È questa la prima cosa che colpisce della nuova edizione Hacca di La città degli uomini d’oggi di Edoardo Persico: la bellissima copertina di Maurizio Ceccato. Un colpo d’arte questa foglia leggiadra che sulla carta bianca si dirama suggerendo alla nostra mente una grande metropoli di oggi o di ieri, la stessa che Persico racconta.

Persico è un intellettuale inquieto, ribelle, ein questi suoi scritti adolescenziali insorge lo spirito rivoluzionario di un uomo degli anni Trenta. Ragazzo formatosi nell’ambiente antifascista della rivista liberale di  Pietro Gobetti Il Baretti, nella Torino degli scontri sociali tra operai e fascisti. Torino e poi Milano, due città europee stimolanti e innovative in cui Persico seppe imporsi come figura di rilievo. A soli trent’anni, dopo aver lavorato per un breve periodo come operaio in Fiat, si avvicina alla cerchia di Pietro Gobetti e in poco tempo diviene scrittore, polemista, curatore e direttore di diverse mostre d’arte e d’architettura contemporanea, ma principalmente pioniere del pensiero. Edoardo Persico riuscì a far incontrare la più classica architettura fascista italiana con la stimolante architettura d’avanguardia europea, ponendo all’attenzione del grande pubblico i più sorprendenti architetti dell’epoca tra cui Le Courbusier, Gropius e Wright.

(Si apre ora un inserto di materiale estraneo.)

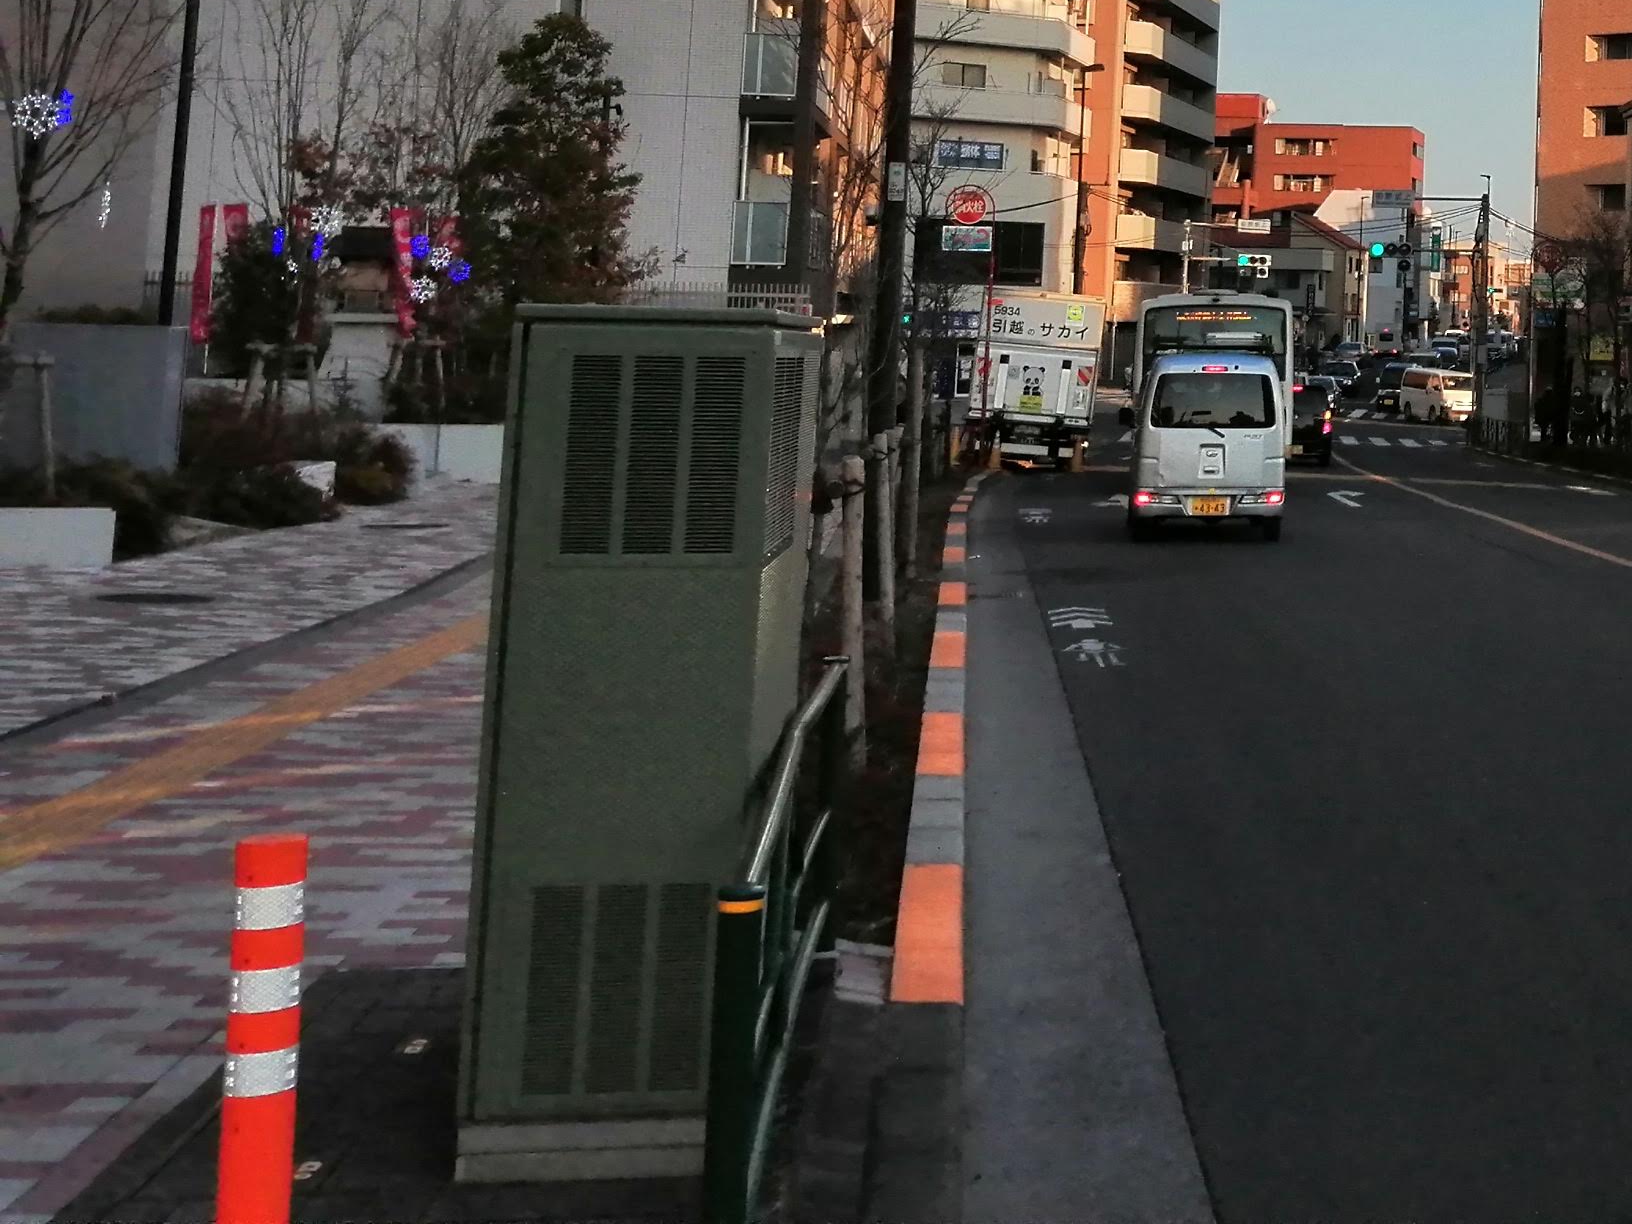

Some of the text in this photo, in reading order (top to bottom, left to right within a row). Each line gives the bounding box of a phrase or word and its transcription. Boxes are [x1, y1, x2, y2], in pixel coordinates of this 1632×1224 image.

[994, 305, 1021, 316] 5934
[992, 318, 1089, 340] 引越のサカイ

Persico è un giovane enigmatico, convinto antifascista e cattolico devoto, pubblica giovanissimo a sue spese un piccolo pamphlet filosofico apocalittico;che dopo quasi novant’anni la casa editrice Hacca ci ripropone provando a recuperare la memoria di un grande pensatore, ancora oggi sconosciuto.

Quella di Persico è una denunciasociale,un’invettiva contro gli uomini d’oggi, di cui racconta le favole, narra l’ipocrisia e il fango in cui sono caduti, la loro attitudine a deformare le parole, a sfruttare un linguaggio che  diviene complice delle loro nefandezze. Gli uomini d’oggi hanno alterato il senso, hanno voluto vedere il bello nel male, ma quando l’errore si svela il paradosso si compie: il bello si spoglia della sua maschera e si mostra per ciò che è: brutto.

Persico narra la realtà di una città arida, una città svuotata, «una città potente come il traboccare d’un letamaio, senza la tragedia della coscienza» dove, ormai, l’ombra ha oscurato il sole. Fango, letame, rumore, disprezzo e orrore. Questa città terrena, sorda, la cui unica speranza è implodere in se stessa per poi rinascere dalle ceneri della propria distruzione.

Persico annuncia la sua verità come un Cristo salvatore, acclamando l’avvento «di una città dei vivi che si innalzerà sulle rovine della città dei morti». Una città celeste, dove non esiste dissonanza, dove l’unità è armonia. A immagine e somiglianza di quella città ultraterrena che Giovanni narra nell’Apocalisse. Lo scrittore fonde il suo forte cattolicesimo alla visione socialista dell’architettura razionalista di Gropius e innalza la sua utopia: la città cubica.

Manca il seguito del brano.